DIRECTIONS FOR THIS TASK: Set down the material in full. Keep every line exactly as it is.
◇ ◇ ◇ ◇
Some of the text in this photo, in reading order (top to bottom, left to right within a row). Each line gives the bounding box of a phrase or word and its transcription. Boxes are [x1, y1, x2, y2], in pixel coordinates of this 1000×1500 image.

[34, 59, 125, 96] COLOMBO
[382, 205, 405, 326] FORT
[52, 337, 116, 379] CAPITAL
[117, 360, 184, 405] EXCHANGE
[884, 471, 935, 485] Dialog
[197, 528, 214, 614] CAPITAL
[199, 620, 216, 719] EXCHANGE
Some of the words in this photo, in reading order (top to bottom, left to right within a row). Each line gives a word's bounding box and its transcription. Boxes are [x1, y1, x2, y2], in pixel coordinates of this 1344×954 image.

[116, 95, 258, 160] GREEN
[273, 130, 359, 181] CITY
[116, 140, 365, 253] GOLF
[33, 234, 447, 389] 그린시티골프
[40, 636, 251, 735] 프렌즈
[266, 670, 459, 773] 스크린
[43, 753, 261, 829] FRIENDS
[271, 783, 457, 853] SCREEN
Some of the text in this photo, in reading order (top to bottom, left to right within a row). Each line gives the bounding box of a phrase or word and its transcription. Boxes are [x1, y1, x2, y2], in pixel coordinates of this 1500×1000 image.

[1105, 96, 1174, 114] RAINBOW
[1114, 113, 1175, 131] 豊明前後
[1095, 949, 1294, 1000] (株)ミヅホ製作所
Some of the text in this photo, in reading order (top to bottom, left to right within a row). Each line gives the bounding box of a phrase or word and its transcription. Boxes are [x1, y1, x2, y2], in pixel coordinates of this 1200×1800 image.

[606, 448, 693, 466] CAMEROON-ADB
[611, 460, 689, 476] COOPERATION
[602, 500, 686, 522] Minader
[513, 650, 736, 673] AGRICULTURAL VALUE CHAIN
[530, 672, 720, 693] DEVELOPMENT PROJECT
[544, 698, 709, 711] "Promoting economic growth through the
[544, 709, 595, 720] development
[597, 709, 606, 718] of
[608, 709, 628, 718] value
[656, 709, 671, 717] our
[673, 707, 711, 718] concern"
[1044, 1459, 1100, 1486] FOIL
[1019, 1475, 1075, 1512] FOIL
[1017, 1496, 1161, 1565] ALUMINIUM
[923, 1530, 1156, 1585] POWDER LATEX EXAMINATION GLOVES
◇ ◇ ◇ ◇
EXERCISE OUTPUT:
Some of the text in this photo, in reading order (top to bottom, left to right within a row). Each line gives the bounding box of a phrase or word and its transcription. Boxes are [x1, y1, x2, y2], in pixel coordinates of this 1000×1500 image.

[34, 59, 125, 96] COLOMBO
[382, 205, 405, 326] FORT
[52, 337, 116, 379] CAPITAL
[117, 360, 184, 405] EXCHANGE
[884, 471, 935, 485] Dialog
[197, 528, 214, 614] CAPITAL
[199, 620, 216, 719] EXCHANGE
Some of the words in this photo, in reading order (top to bottom, left to right within a row). Each line gives a word's bounding box and its transcription. Boxes are [x1, y1, x2, y2], in pixel coordinates of this 1344×954 image.

[116, 95, 258, 160] GREEN
[273, 130, 359, 181] CITY
[116, 140, 365, 253] GOLF
[33, 234, 447, 389] 그린시티골프
[40, 636, 251, 735] 프렌즈
[266, 670, 459, 773] 스크린
[43, 753, 261, 829] FRIENDS
[271, 783, 457, 853] SCREEN
Some of the text in this photo, in reading order (top to bottom, left to right within a row). Each line gives the bounding box of a phrase or word and its transcription. Boxes are [x1, y1, x2, y2], in pixel coordinates of this 1500×1000 image.

[1105, 96, 1174, 114] RAINBOW
[1114, 113, 1175, 131] 豊明前後
[1095, 949, 1294, 1000] (株)ミヅホ製作所
Some of the text in this photo, in reading order (top to bottom, left to right within a row). Each line gives the bounding box of a phrase or word and its transcription. Boxes are [x1, y1, x2, y2], in pixel coordinates of this 1200×1800 image.

[606, 448, 693, 466] CAMEROON-ADB
[611, 460, 689, 476] COOPERATION
[602, 500, 686, 522] Minader
[513, 650, 736, 673] AGRICULTURAL VALUE CHAIN
[530, 672, 720, 693] DEVELOPMENT PROJECT
[544, 698, 709, 711] "Promoting economic growth through the
[544, 709, 595, 720] development
[597, 709, 606, 718] of
[608, 709, 628, 718] value
[656, 709, 671, 717] our
[673, 707, 711, 718] concern"
[1044, 1459, 1100, 1486] FOIL
[1019, 1475, 1075, 1512] FOIL
[1017, 1496, 1161, 1565] ALUMINIUM
[923, 1530, 1156, 1585] POWDER LATEX EXAMINATION GLOVES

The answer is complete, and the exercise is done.